Using axe DevTools Linter with SonarQube
You can integrate axe DevTools Linter with SonarQube and monitor your code for accessibility issues.
You'll need to set up several pieces of software to use axe DevTools Linter with SonarQube as listed below:
- Jenkins. See Using axe DevTools Linter with Jenkins for more information. You need to set up Jenkins to generate a report using axe DevTools Linter Connector as part of the build process and then submit the report to SonarQube for analysis.
- axe DevTools Linter and Connector. See Setting up the On-Premises Server and Using axe DevTools Linter Connector for setup instructions.
- SonarQube. See Try Out SonarQube for more information. For detailed installation instructions, see Install the Server.
- The SonarQube plugin for Jenkins, SonarScanner for Jenkins.

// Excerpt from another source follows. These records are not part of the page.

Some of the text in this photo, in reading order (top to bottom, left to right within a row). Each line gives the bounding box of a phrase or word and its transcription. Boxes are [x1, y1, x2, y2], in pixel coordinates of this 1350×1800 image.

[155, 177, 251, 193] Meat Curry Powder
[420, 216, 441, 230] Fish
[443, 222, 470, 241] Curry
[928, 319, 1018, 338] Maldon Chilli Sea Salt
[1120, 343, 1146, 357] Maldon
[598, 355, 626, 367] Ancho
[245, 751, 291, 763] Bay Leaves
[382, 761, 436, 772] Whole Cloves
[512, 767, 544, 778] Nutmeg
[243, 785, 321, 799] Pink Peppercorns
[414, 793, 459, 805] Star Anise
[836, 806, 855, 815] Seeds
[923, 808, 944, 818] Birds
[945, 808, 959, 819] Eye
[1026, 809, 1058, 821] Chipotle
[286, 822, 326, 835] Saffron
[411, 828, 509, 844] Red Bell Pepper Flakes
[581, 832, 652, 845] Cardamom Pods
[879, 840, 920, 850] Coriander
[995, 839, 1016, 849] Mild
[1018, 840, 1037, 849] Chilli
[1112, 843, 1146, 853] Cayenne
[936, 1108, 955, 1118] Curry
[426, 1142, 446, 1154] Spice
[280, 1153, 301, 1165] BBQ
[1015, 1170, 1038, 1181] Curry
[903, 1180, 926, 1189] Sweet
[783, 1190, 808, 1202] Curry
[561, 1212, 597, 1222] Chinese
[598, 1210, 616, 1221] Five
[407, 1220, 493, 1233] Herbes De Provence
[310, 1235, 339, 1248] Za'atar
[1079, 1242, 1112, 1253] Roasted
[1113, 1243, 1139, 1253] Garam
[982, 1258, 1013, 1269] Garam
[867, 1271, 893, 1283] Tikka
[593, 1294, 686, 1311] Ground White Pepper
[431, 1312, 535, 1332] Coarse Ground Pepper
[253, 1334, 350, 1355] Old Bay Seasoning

Setting Up Rules in SonarQube
The first step to set up SonarQube is to disable redundant rules (rules that overlap rules checked by axe DevTools Linter). You can turn off the overlapping rules in the SonarQube admin interface.
Creating a New Quality Profile in SonarQube
To change the rules, click on Quality Profiles at the top of the SonarQube admin website. Then on the Filter profiles by: dropdown, select HTML. You should now see the built-in SonarQube HTML profile. You need to duplicate that profile by clicking on the gear dropdown on the right side of the profile and choosing Copy. SonarQube will prompt you to name the new copied profile. Call the new profile axe-linter and click on the Copy button.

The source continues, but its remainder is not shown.